Ways to play a homebuilding rebound

Consider building long-term positions in these stocks and ETFs to play an improving housing market.

By TheStockAdvisors Mar 21, 2012 10:23AM
By Glenn Rogers, Internet Wealth Builder

For the first time since the 2008 housing collapse we see signs of hope and an investment opportunity in the sector.

Consumer sentiment is improving. And affordability against median income is at one of its lowest points in history. All this has begun to move the markets. Here's a look at a variety of favorite stocks and ETFs to play this trend.

Some cautionary thoughts come to mind before I get to my recommendations. First, I believe the overall market is due for a fairly significant pullback. Second, the homebuilding stocks -- up about 85% since last October -- may pull back even more given the recent run they've had.

Once this happens, then I think you can begin to build positions. If you just can't wait or if I'm wrong you can take small positions now but no more than about 25% of your final target position. But over the longer term, 24 months or so, stocks in this area will continue to improve.

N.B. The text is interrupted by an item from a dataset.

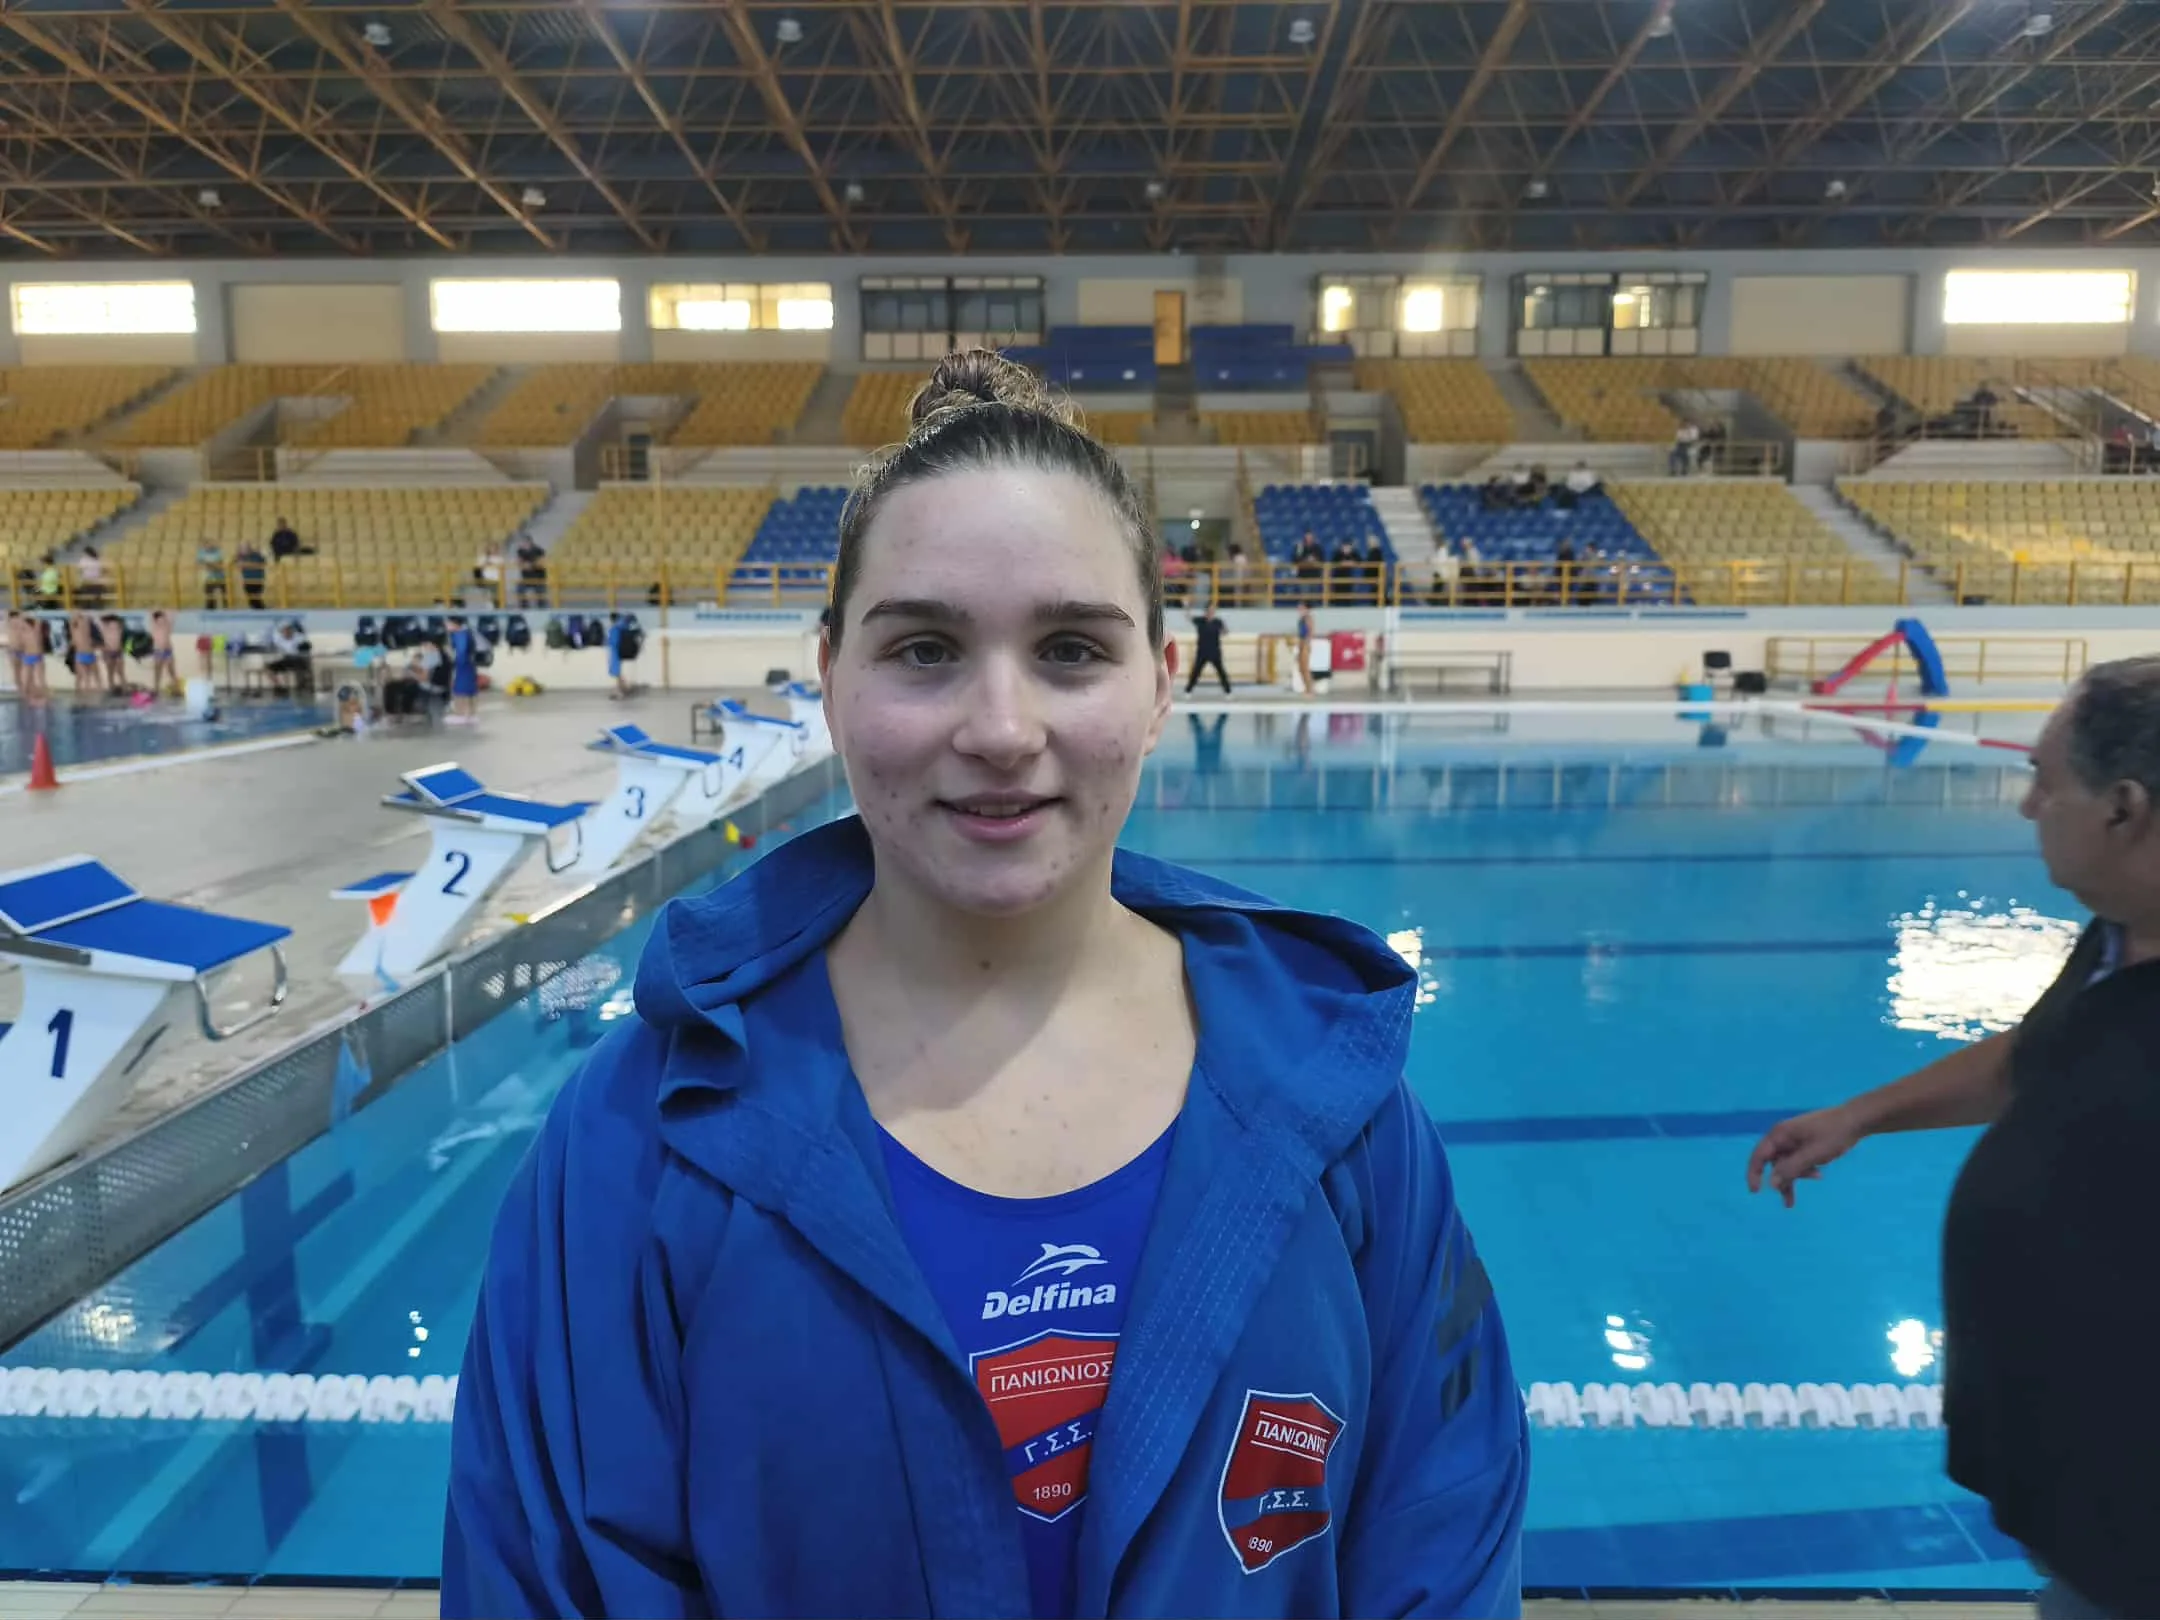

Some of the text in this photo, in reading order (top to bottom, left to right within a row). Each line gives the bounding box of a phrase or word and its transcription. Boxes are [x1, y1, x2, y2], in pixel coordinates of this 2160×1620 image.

I am recommending SPDR Homebuilders ETF (XHB). This is an interesting basket of not only the major home builders like Lennar (LEN), D.R. Horton (DHI), and PulteGroup (PHM). It also holds a selection of related companies such as Home Depot (HD), Whirlpool Corp. (WHR), TempurPedic International (TPX), and Pier 1 Imports (PIR).

The units are up just over 14% over the past year compared to 5.5% for the S&P 500. Total holdings include 27 companies with roughly 30% of its assets in homebuilders and the rest in manufacturers and providers of home furnishings.

Another one that is worth a look is the iShares Dow Jones Home Construction ETF (ITB). Two-thirds of the total holdings of this fund are homebuilders.

Companies in the building materials segment occupy nearly 20% of the portfolio and home improvement related companies pick up another 9% of the total assets.

Names like Sherwin-Williams (SHW), Masco (MAS), and Ryland Group (RYL) are included in this basket. D.R. Horton (DHI) and NVR Inc. (NVR) are the two largest holdings.

This issue has not done as well as XHB, gaining 7.9% this past year compared to 5.5% for the S&P 500. Historically, the two issues trade similarly, but overall performance has been better with XHB.

Of course you can research individual stocks in these groups and look for higher beta (more risk, higher return potential) than you will get from the ETFs.

Toll Brothers (TOL) is one of my favorites, but as usual, you will trade some peace of mind for the possibility of improved performance.

For a lower-risk play, PulteGroup (PHM) is another favorite. This is an unusual stock in that it is based on a 40-year debt instrument. As such, there is very little upside price potential here. However, it pays a hefty dividend, unlike many other companies that had their dividends suspended after the housing market collapsed. The current payment is $1.84 per share annually for an attractive yield of 7.4%.